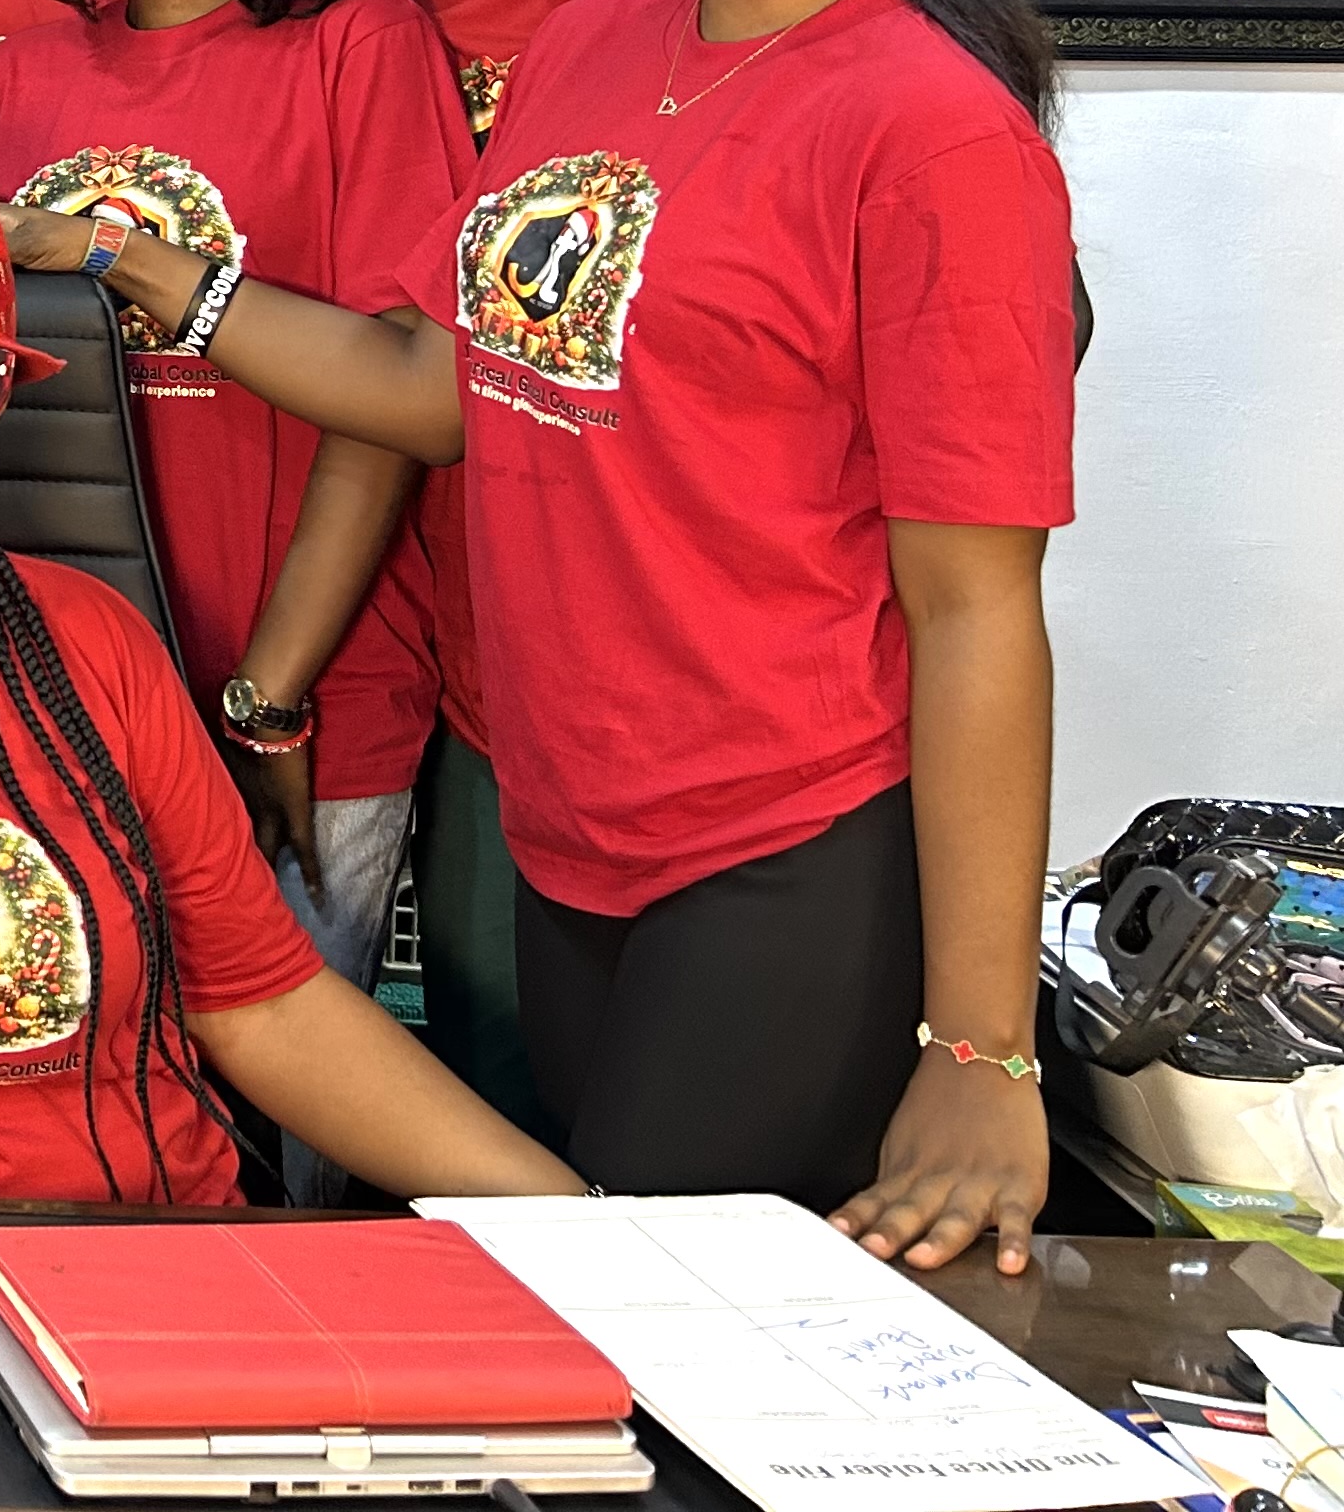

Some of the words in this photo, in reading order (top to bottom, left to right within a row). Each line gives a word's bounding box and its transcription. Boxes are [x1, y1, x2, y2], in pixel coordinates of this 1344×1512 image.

[146, 385, 216, 399] experience
[949, 1456, 1052, 1476] Office
[1053, 1449, 1120, 1469] The
[769, 1463, 836, 1481] File
[841, 1462, 948, 1479] Folder
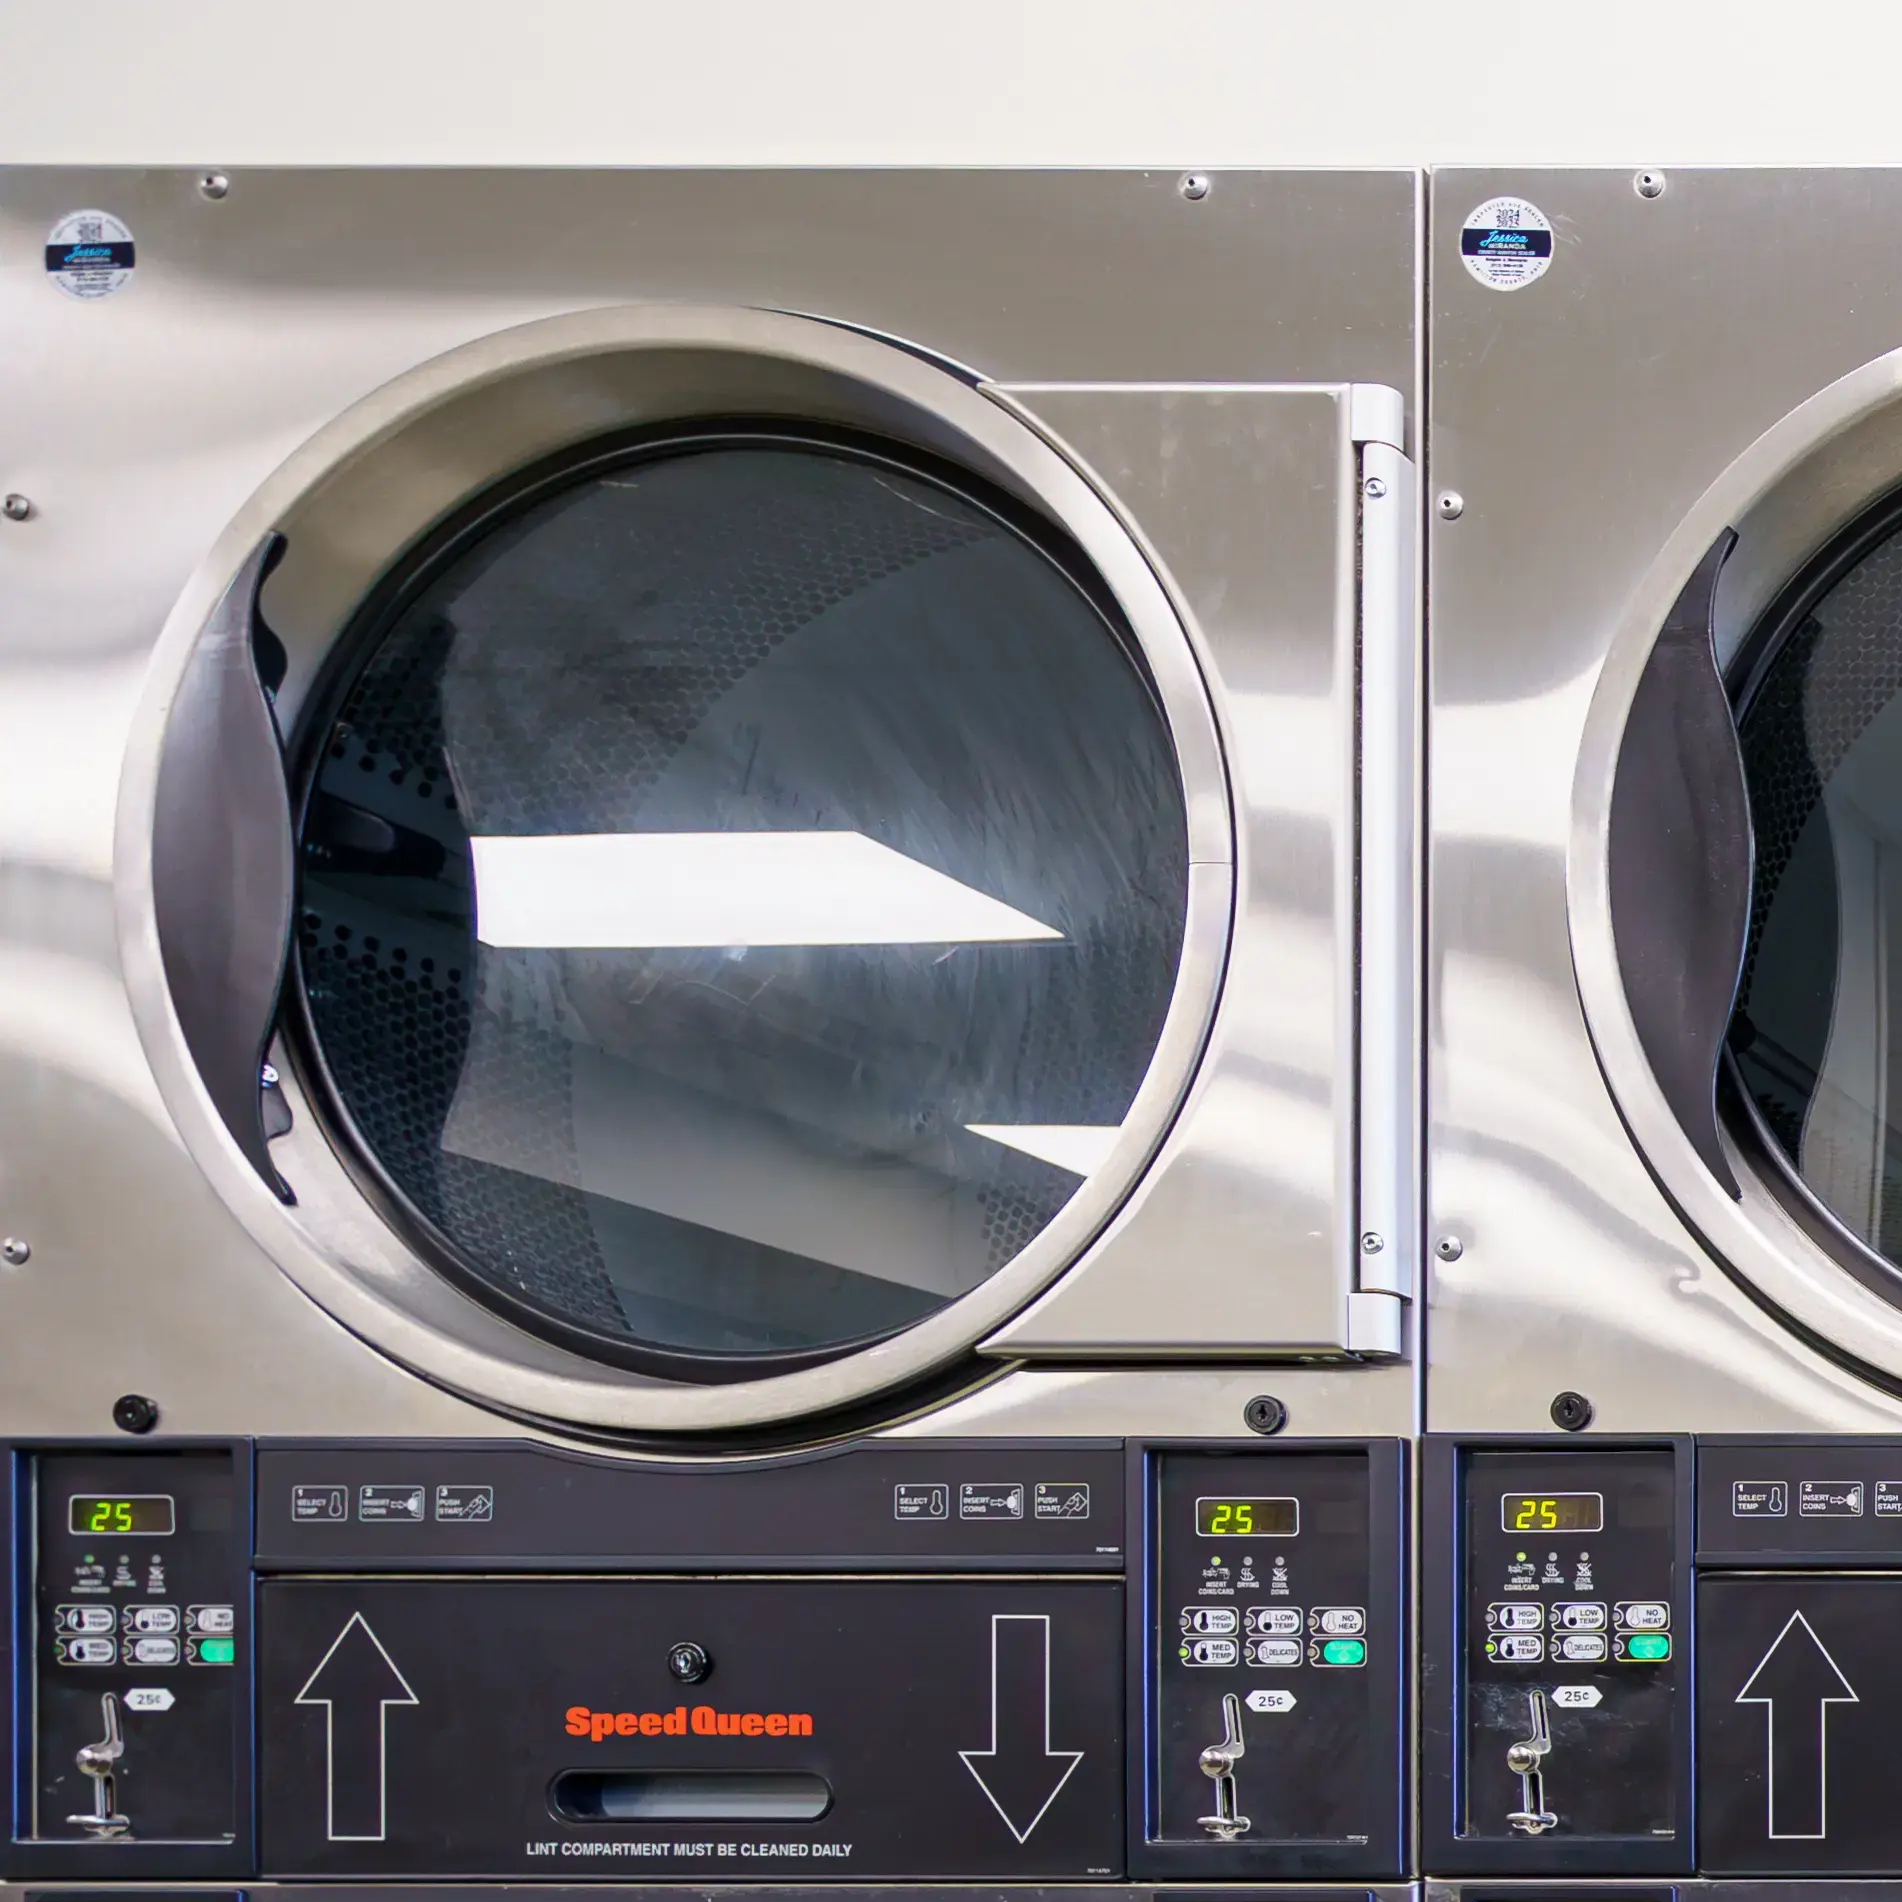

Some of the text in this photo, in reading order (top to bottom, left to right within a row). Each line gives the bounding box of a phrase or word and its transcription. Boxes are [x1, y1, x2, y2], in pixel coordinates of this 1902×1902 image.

[91, 1503, 132, 1531] 25
[1212, 1505, 1252, 1533] 25
[1516, 1501, 1557, 1528] 25
[565, 1705, 813, 1742] Speed Queen
[527, 1843, 852, 1856] LINT COMPARTMENT MUST BE CLEANED DAILY

□ □ □ □ □ □ □

■ **Work item**
What are the lines from the one containing "Some of the text" to the end of the material above? Return them exactly, and only them.

■ **Reply**
Some of the text in this photo, in reading order (top to bottom, left to right within a row). Each line gives the bounding box of a phrase or word and its transcription. Boxes are [x1, y1, x2, y2], in pixel coordinates of this 1902×1902 image.

[91, 1503, 132, 1531] 25
[1212, 1505, 1252, 1533] 25
[1516, 1501, 1557, 1528] 25
[565, 1705, 813, 1742] Speed Queen
[527, 1843, 852, 1856] LINT COMPARTMENT MUST BE CLEANED DAILY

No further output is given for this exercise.